The legislation would create a “Downtown Pawtucket Redevelopment Activity Taxes Fund,” based on a tax increment financing district, which allows the state to separate city and state taxes from the area of the district from the rest of general revenue. The funds, which would be filled by several taxes, including hotel tax, food and beverage tax, income tax and sales tax, would not be distributed to the state’s general revenue fund. Instead, the money will be used to fund debt service on bonds associated with the project. Only money from the fund will be allowed to service the debt, with the intention of protecting the state from being forced to use general revenue in the case of a project failure, or lack of tax revenue in the redevelopment district.
The funds may also be used toward costs of infrastructure improvements in and around the area of the Downtown Pawtucket Redevelopment Project and toward a redevelopment revolving fund.
In the proposal, the project would be financed through the Pawtucket Redevelopment Agency, which would finance $71 million in tax-exempt revenue bonds.
The proposed project would split the costs of the projected $83 million, with the PawSox responsible for $45 million through a $12 million equity contribution and $33 million from the bonds, $23 million in bonds that state revenue from the district would pay for, and $15 million in bonds that Pawtucket revenue would cover the cost of. These funding breakdowns are in line with the bill passed in the Senate in January.
The redevelopment agency would own the property and lease its use to the team. The property, like McCoy Stadium, would be used for public events in addition to hosting PawSox games.
As a contingency in the bill, the PawSox would be responsible for any construction or development cost beyond the $83 million estimate. If the project did not reach the estimate, none of the team’s $12 million in equity could or would be refunded.
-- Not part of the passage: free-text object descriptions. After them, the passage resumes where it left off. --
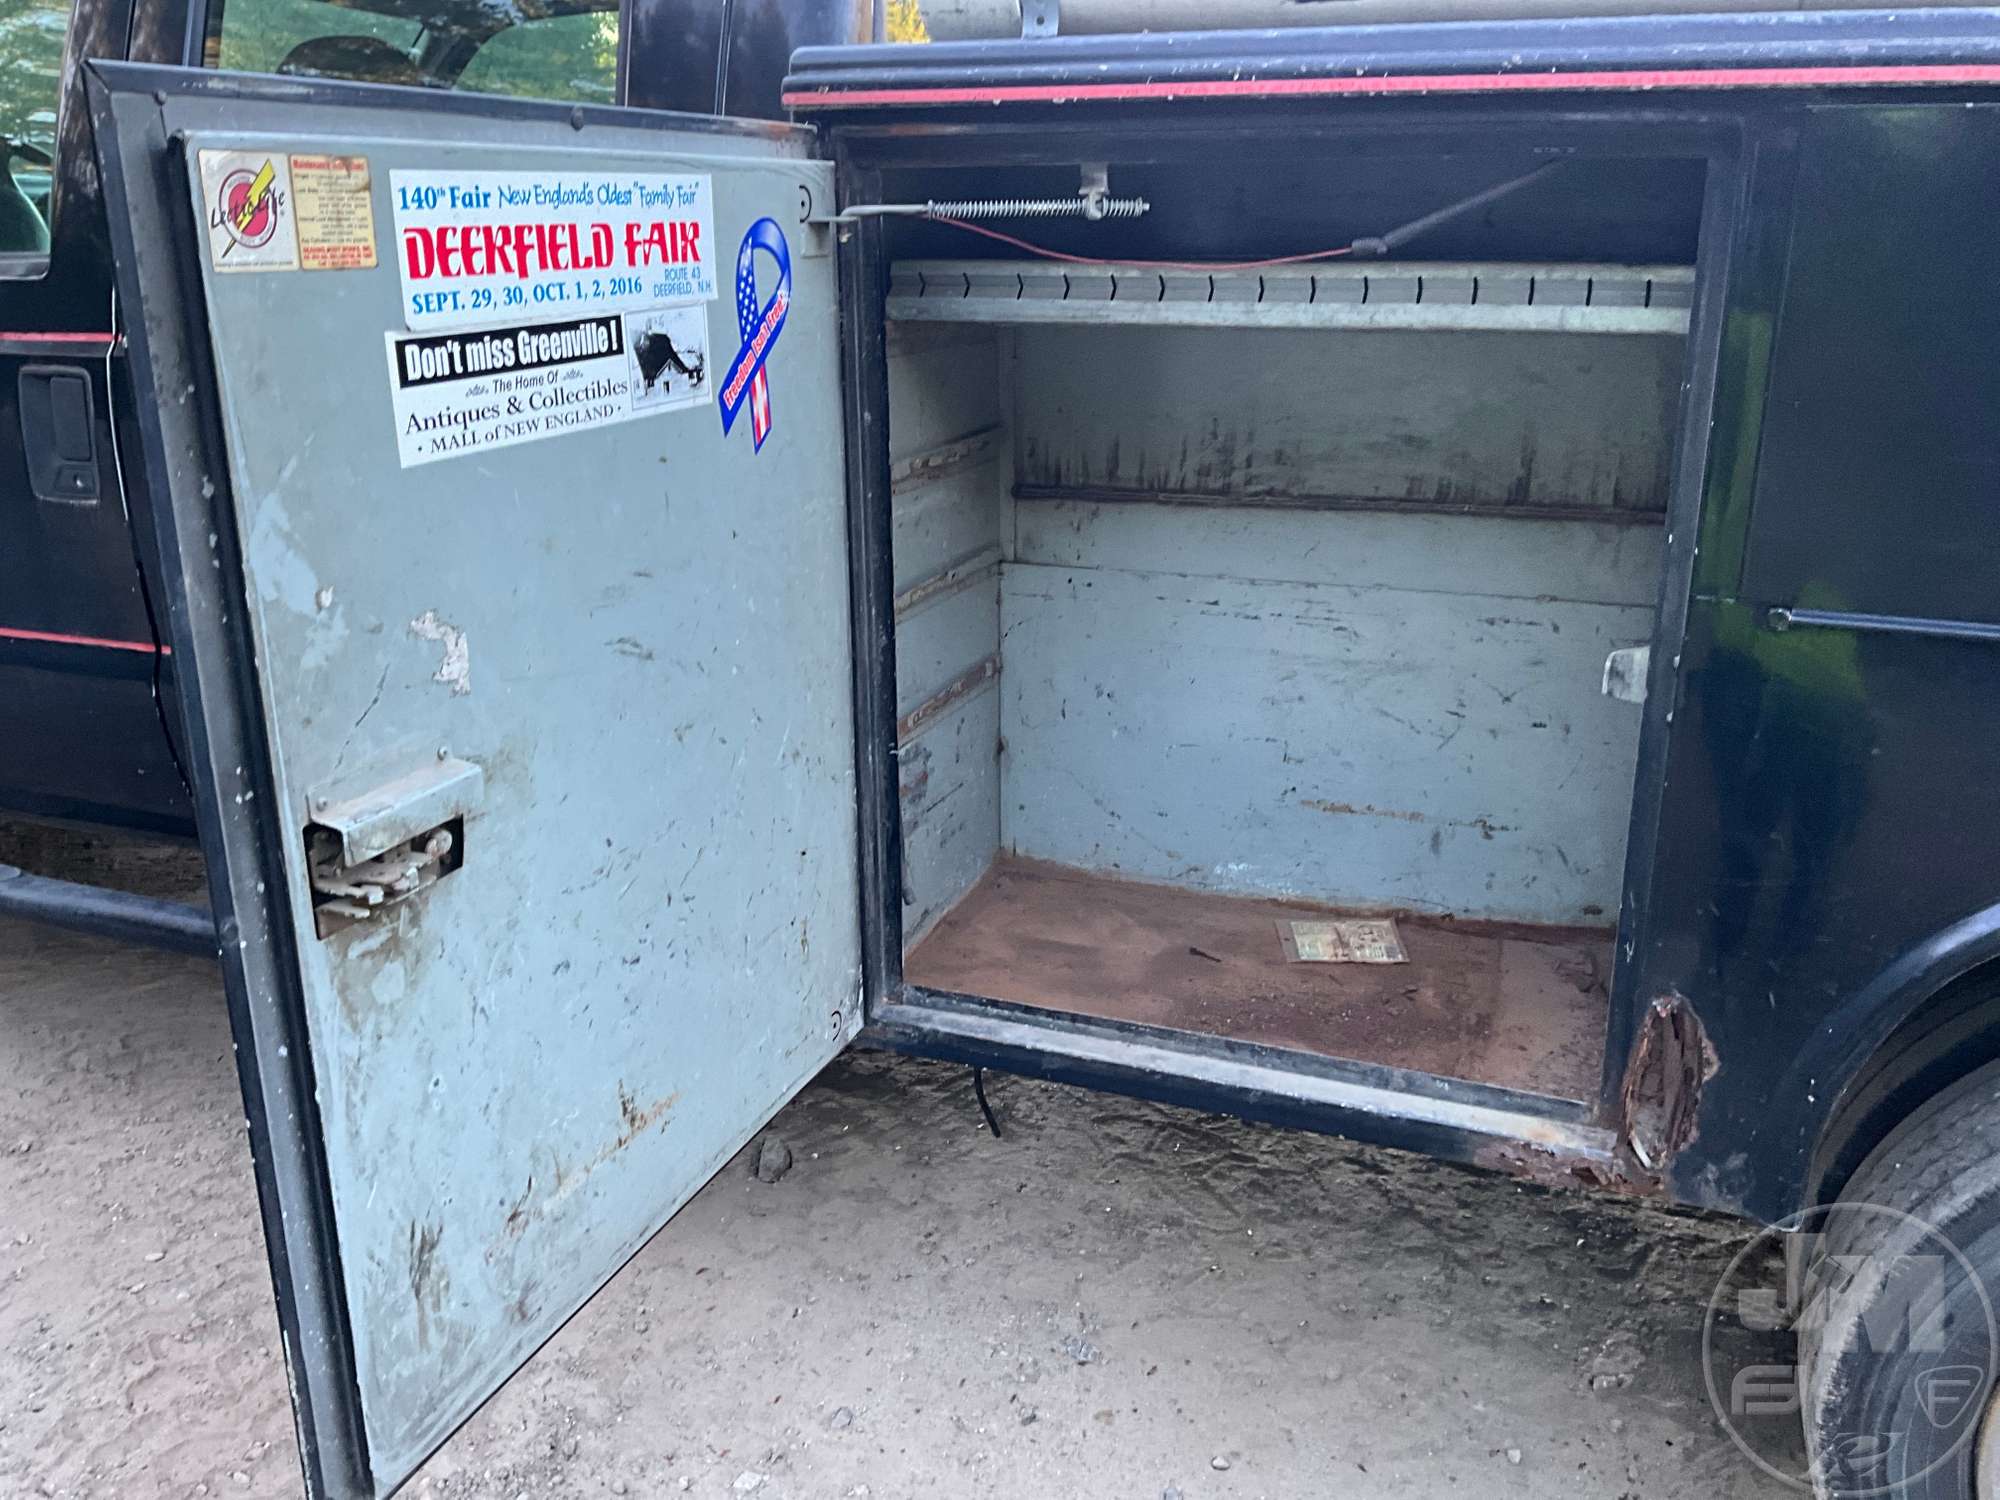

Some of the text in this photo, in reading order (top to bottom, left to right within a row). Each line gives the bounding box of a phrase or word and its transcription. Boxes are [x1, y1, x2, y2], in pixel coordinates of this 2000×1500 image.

[399, 185, 446, 210] 140th
[449, 184, 491, 209] Fair
[499, 184, 531, 209] New
[533, 182, 593, 209] England's
[598, 182, 632, 206] Oldest
[633, 181, 675, 209] "Family
[676, 182, 699, 208] Fair"
[403, 221, 701, 280] DEERFIELD FAIR
[412, 277, 642, 315] SEPT. 29, 30, OCT. 1, 2, 2016
[653, 281, 695, 298] DEERFIELD,
[664, 268, 688, 281] ROUTE
[404, 340, 463, 381] Don't
[465, 335, 516, 373] miss
[517, 321, 608, 365] Greenville
[493, 368, 560, 394] The Home Of
[724, 350, 756, 411] Freedom
[406, 378, 629, 435] Antiques & Collectibles
[430, 403, 614, 453] MALL of NEW ENGLAND
The bill also provides that the team would be responsible for 50 percent of the annual capital expenditures for structural repairs. The team, state and city would contribute a minimum of $150,000 a year to the Renewal and Replacement Reserve Fund, of which $75,000 will be contributed by the team.
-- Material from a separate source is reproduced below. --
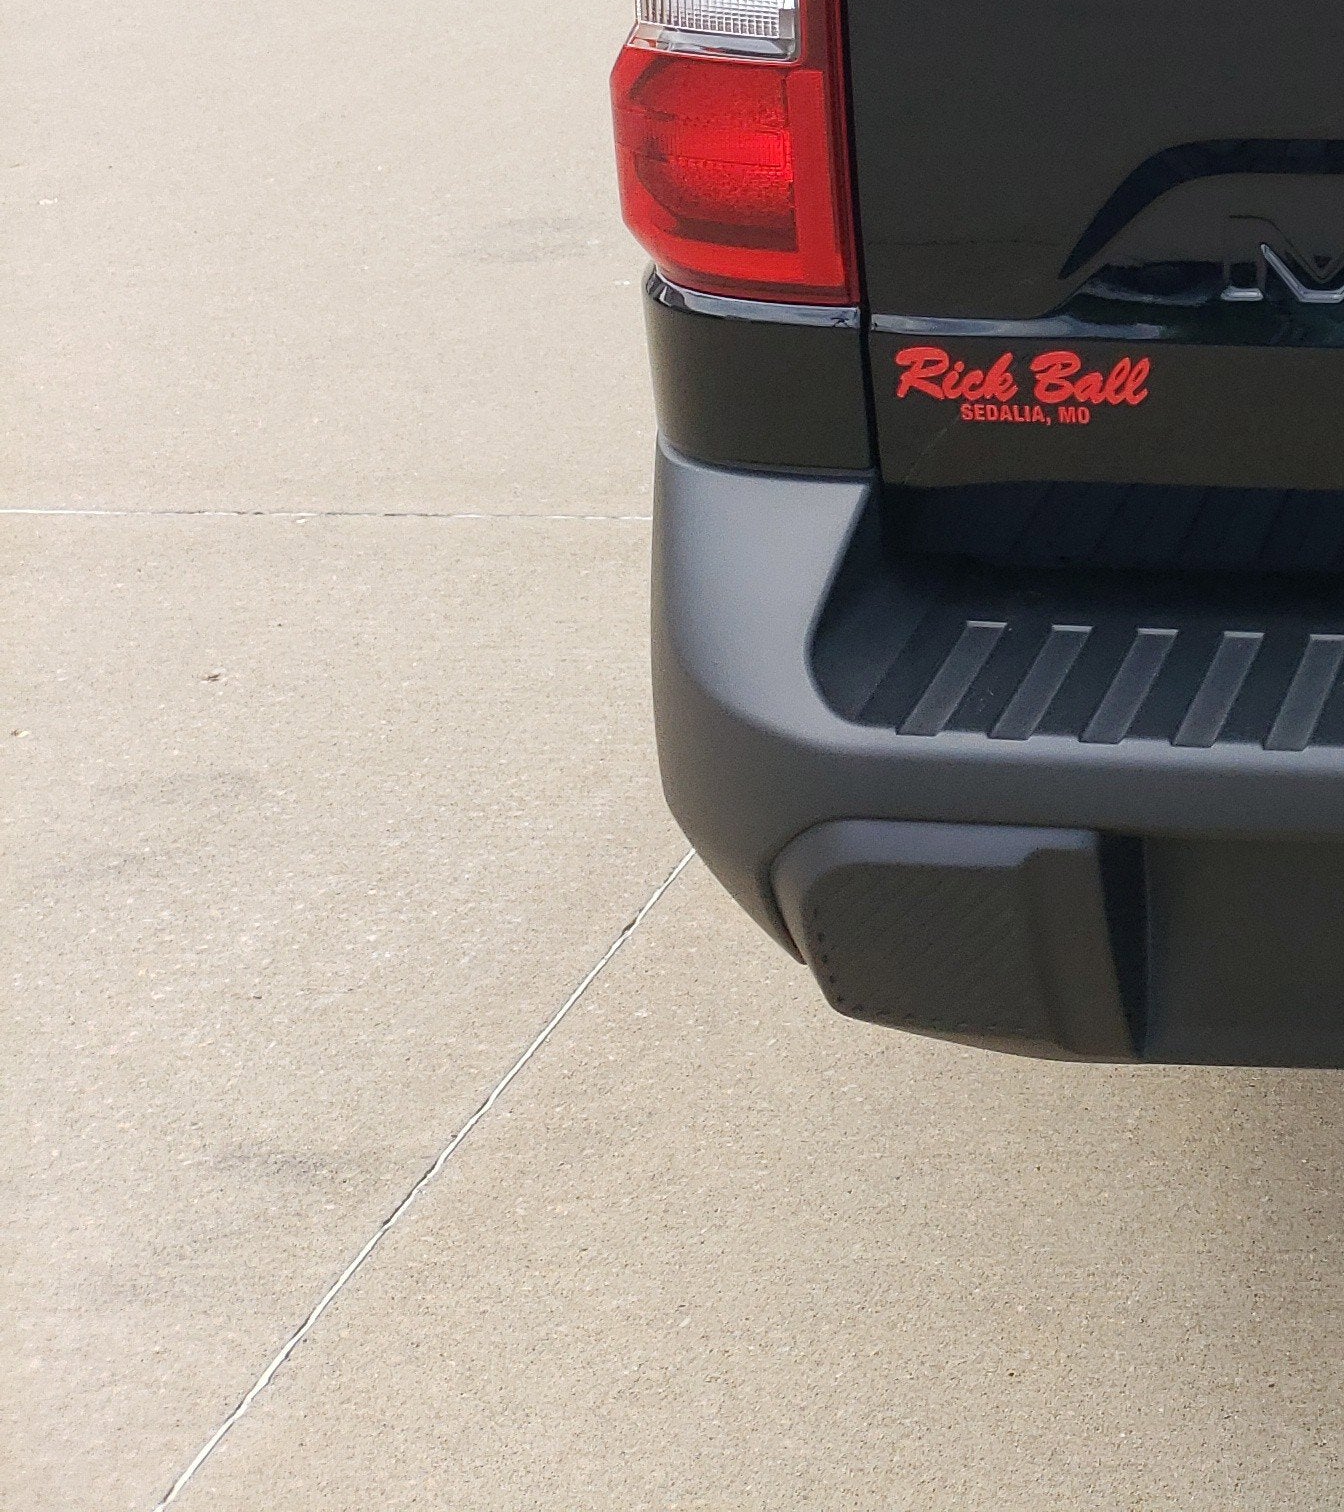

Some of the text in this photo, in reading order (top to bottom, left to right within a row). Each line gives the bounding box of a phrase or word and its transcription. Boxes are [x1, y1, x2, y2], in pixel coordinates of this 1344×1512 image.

[895, 346, 1151, 406] Rick Ball
[960, 403, 1091, 425] SEDALIA, MO
The bill also states that the General Assembly finds the project “in the interest of, and for the benefit of, the citizens of the state, and will contribute substantially to the social and economic well-being of citizens of the state and significantly enhance the economic development and employment opportunities with the city and the state.”
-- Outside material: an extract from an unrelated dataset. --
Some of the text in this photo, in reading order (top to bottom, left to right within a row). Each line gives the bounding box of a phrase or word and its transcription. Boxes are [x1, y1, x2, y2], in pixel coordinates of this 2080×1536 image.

It also cited “intangible benefits that increase the quality of life and civic relationship of … citizens,” declaring the use of public money for the stadium necessary and in the service of public purpose.
The proposed bill also clarifies the ability to use eminent domain for the project, clarifying that properties that would be acquired in relation for the project would not need to be blighted or substandard for the agency to decide it necessary to be taken for the stadium or surrounding project infrastructure.
The House Committee on Finance is scheduled to meet Thursday evening to hear testimony on the proposed legislation.
Chris Bergenheim is the PBN web editor.